Leap Day is a day that is added to calendars on leap years. This extra day, which falls on February 29th, makes the year 366 days long instead of the usual 365 days. If this extra day weren’t added, then it wouldn’t take long for the dates on which the four seasons arrive—winter, spring, summer, and fall—to start coming earlier than expected and eventually destroy the integrity of the calendar.

History of Leap Day

Julius Caesar established the first leap day when he created his Julian calendar in 45 BCE. In this calendar, a leap day was added every four years. Leap Day was celebrated on February 24th, and the month of February was the final month of the year.

However, this system was not perfect. With a leap year added every four years, the average Julian calendar year was approximately 365.25 days long. Unfortunately, the time it takes for the Earth to travel around the sun is only 365.24 days.

This discrepancy meant that the calendar gained three days every 400 years. This issue was corrected in 1582 when Pope Gregory XIII introduced the Gregorian calendar to the world. This calendar uses a more precise method to calculate leap years than the Julian calendar.

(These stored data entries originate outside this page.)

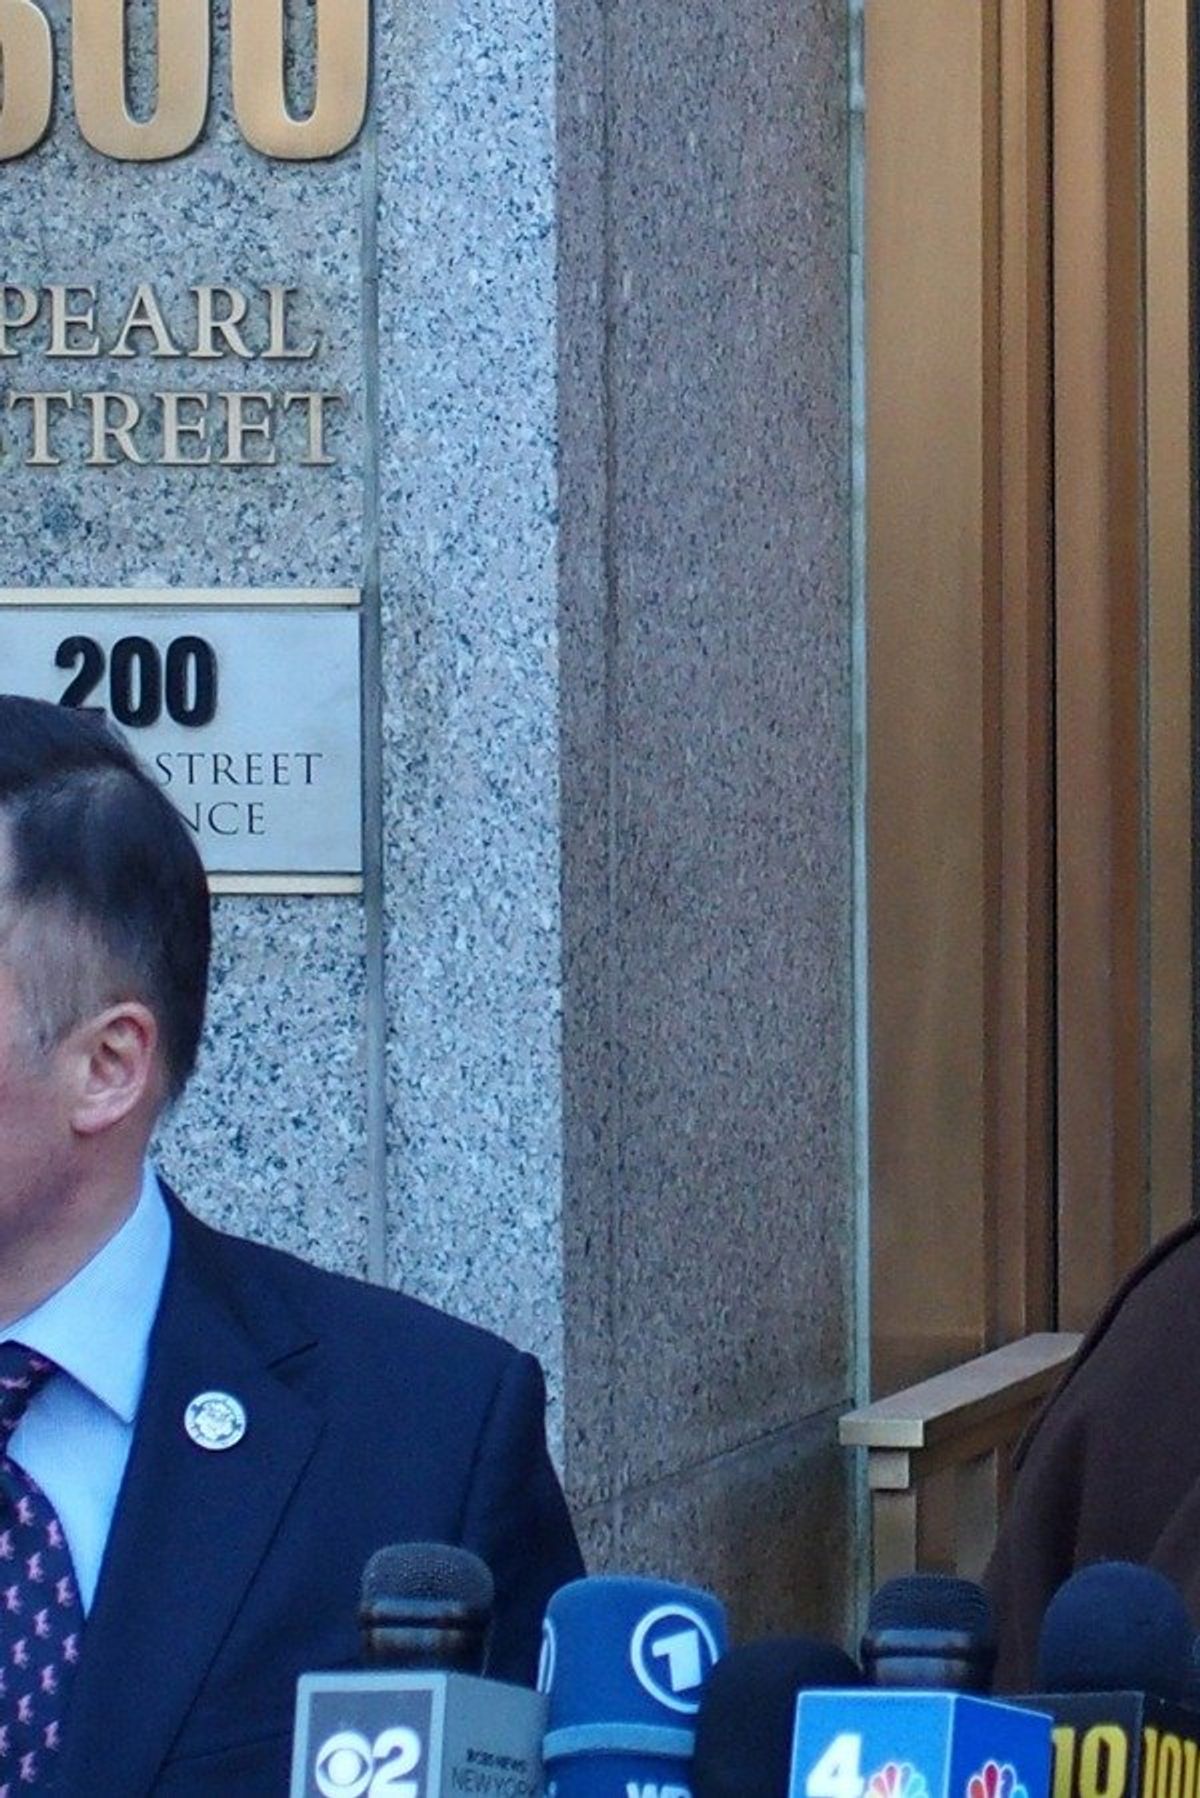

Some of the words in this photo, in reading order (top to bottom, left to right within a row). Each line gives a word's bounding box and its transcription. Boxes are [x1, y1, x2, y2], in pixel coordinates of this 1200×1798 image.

[0, 284, 318, 357] PEARL
[0, 390, 342, 465] TREET
[55, 635, 218, 728] 200
[155, 752, 323, 786] STREET
[806, 1733, 864, 1798] 4
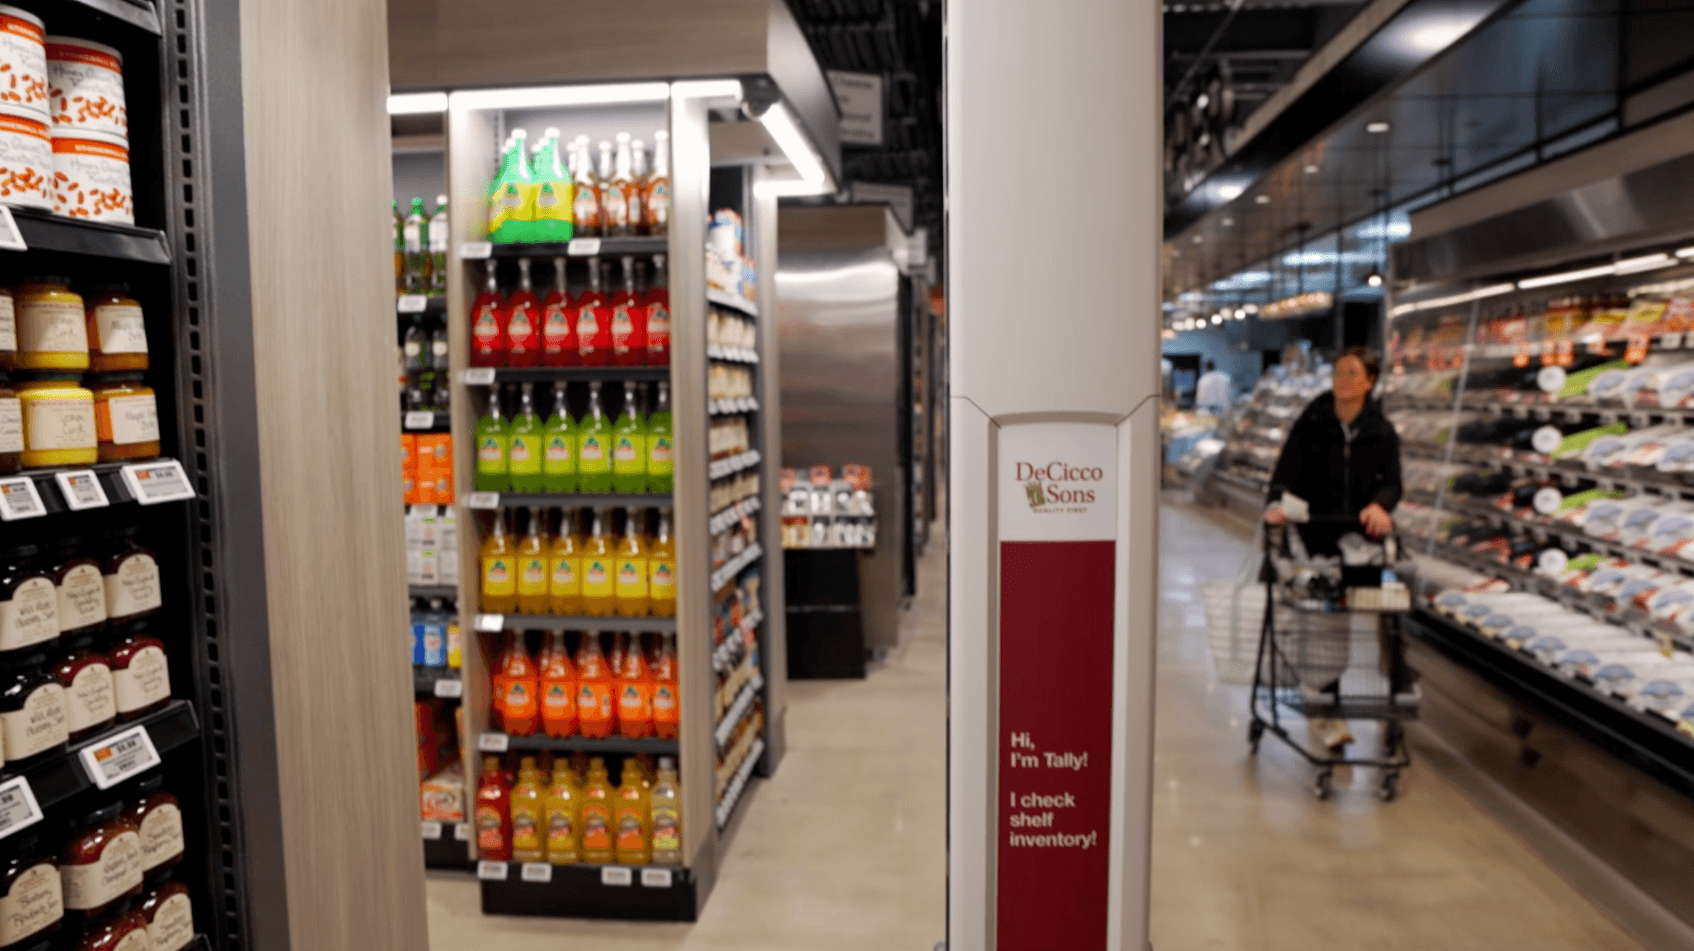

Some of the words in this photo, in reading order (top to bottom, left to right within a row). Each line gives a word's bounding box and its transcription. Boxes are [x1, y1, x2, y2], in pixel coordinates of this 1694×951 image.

[1016, 461, 1103, 481] DeCicco
[1047, 483, 1096, 504] Sons
[1010, 731, 1036, 751] Hi,
[1010, 751, 1039, 768] I'm
[1043, 751, 1088, 771] Tally!
[1010, 791, 1016, 808] I
[1020, 791, 1076, 808] check
[1009, 811, 1054, 828] shelf
[1009, 830, 1097, 850] inventory!

Leap Day Customs & Traditions

There are a variety of Leap Day customs and traditions. For instance, some people who were born on Leap Day calculate their age at one-quarter of their actual age. Therefore, if a person born on Leap Day is 40, they might say they are only really 10 years old.

This custom has been practiced since the 19th century and is prevalent in children’s literature. In Ireland, women were allowed to propose to men on Leap Day, instead of the other way around. This is believed to be a way to balance the traditional roles of men and women.

This tradition occurs in other parts of Europe as well. However, in some places, if a man refuses a marriage proposal on Leap Day, he has to buy the woman 12 pairs of gloves, so she can hide her embarrassment about not having an engagement ring for the next year.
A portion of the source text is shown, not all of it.